Saturday, December 17, 2005

Cold Pastoral

I hear a man jerking off at the Met
and straightaway remember you, O, Jack.
I'm flushed with sympathy, to tell the truth,
to hear him groan in the next stall for beauty
captured in voluptuous sculptured stone.
Who is this restroom seer, lover, man?

From hog farmers of Iowa, a man
aspiring to meet his muse? Instead he met
his fate of stunning listeners into stone
at Bowery Road Café. Blind, he jacks
off Perseus, in his mind, asserting beauty
in holding forth the Gorgon’s heady truth.

Or someone more acquainted with the truth
of streets: a skinny kid, almost a man,
from Harlem, pricked by the white muscled beauty
of Ugolino and his starvelings met
briefly in school? I hear him whimper, Jack,
inside his Tower of Hunger, beat off stone.

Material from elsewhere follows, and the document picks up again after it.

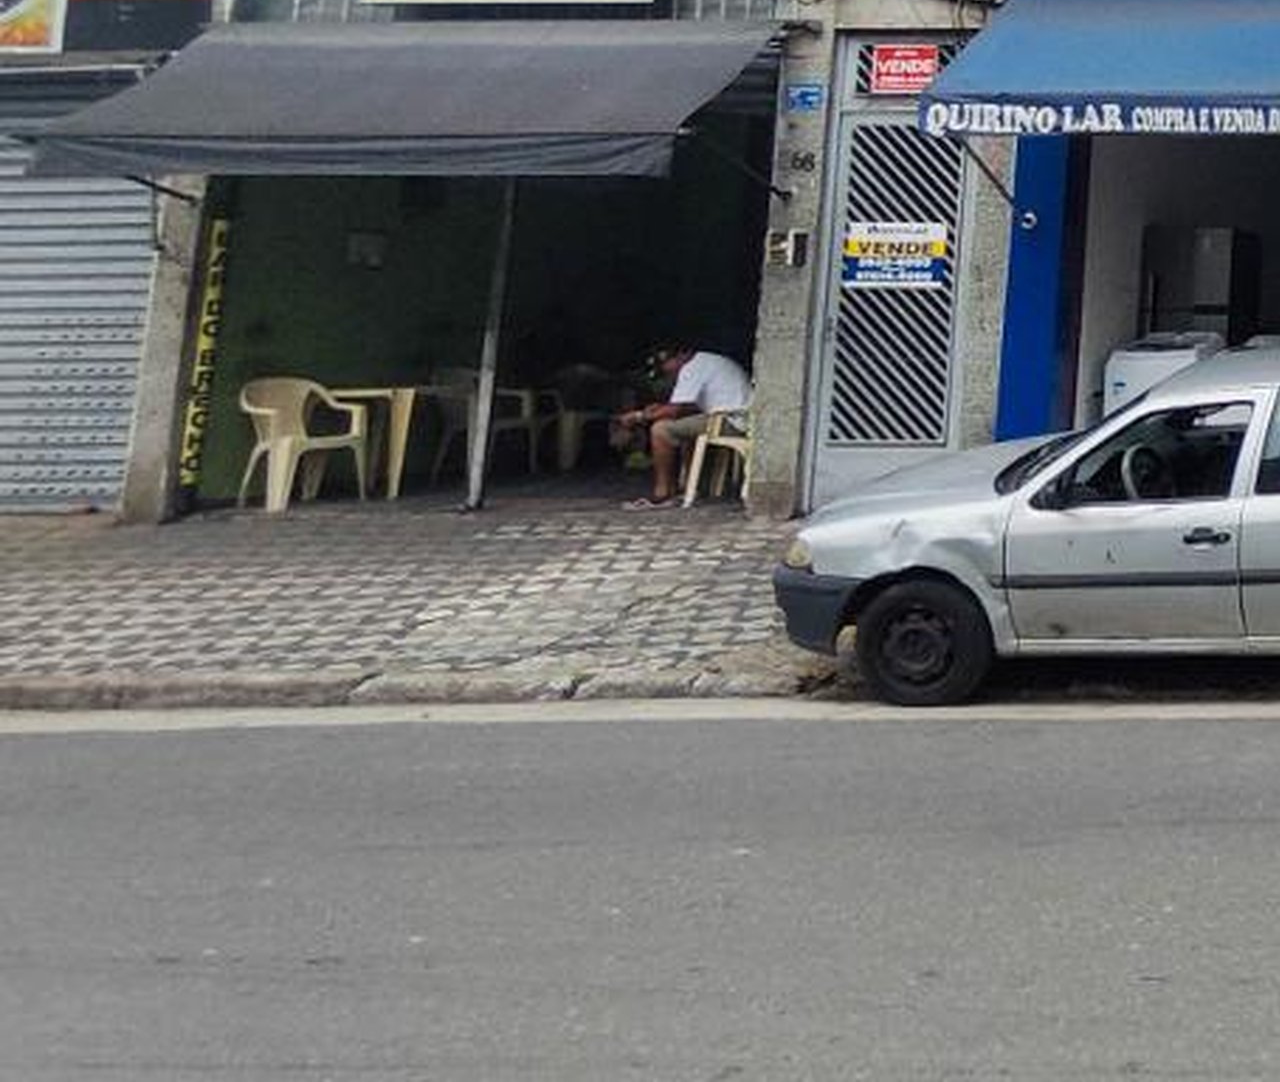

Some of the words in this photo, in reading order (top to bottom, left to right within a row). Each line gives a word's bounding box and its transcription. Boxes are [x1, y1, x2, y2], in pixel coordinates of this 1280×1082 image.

Or seeing Andromeda chained to stone,
the monster squeezing her in coils of truth
sprung from the sea, does he forget he’s Jack
afloat, on shore leave from his merchantman,
imagine flirting chance and courage met
to petrify the beast, rescue the Beauty?

Or a priest, drawn against himself to beauty
curled in a Cupid, who rebukes the stone
in flesh, the flesh in stone and, having met
himself, confesses to himself the truth?
Or, sick of buzz-saw talk among hard men
and licked by dancing Pan, a lumberjack?

Or is he one like me (unlike you, Jack),
stirred by a torso's mutilated beauty,
an echo of the whole, sufficient man
for him to recreate the missing stone.
His moan as he comes, if you want the truth,
excites me more than any man I’ve met.

I’m telling you, Jack, it's fine to gaze on stone,
but far more beautiful, far more truthful,
is the groaning man, unseen, unmet.


published in October 2005 in "The Rogue Scholars Collective" ed. Miriam Stanley (http://www.roguescholars.com/roguegallery/default.html)

2 comments:

Larry said...

It must be quite intimidating to have such a perfect and substancual poem in your resume' to hold up to anything else you write.

This one is the first JL poem I remember reading; BTW I thought Jee Leong was a woman for a week or two, which made this rumination on a masterbator (not intentional but it's a nice pun) even more exciting to me.

Classic.

Larry

Mick of the Monde said...

I found this a tantalising piece of poetry; you seem to have fully grasped the neo-conventional of pastoral poetry, in that pastoral and its inevitable link to romanticism need not make it reactionary. Although you finish here with the beauty of the 'groaning man' being moreso than the 'stone', it seems to have come full circle: this is 'pastoral' in a more radical sense, i.e. man's ontological position in nature is not neccesarily at the pinnacle (the addition of mythological figures supports this), and yet you are reminded that man does still possess a degree of beauty. The imagery and manipulation of language are also very good. I could say more, but as I've merely stumbled across this, I wouldn't like to be presumptious. Inspiring poetry, pulse-raising words. Thankyou.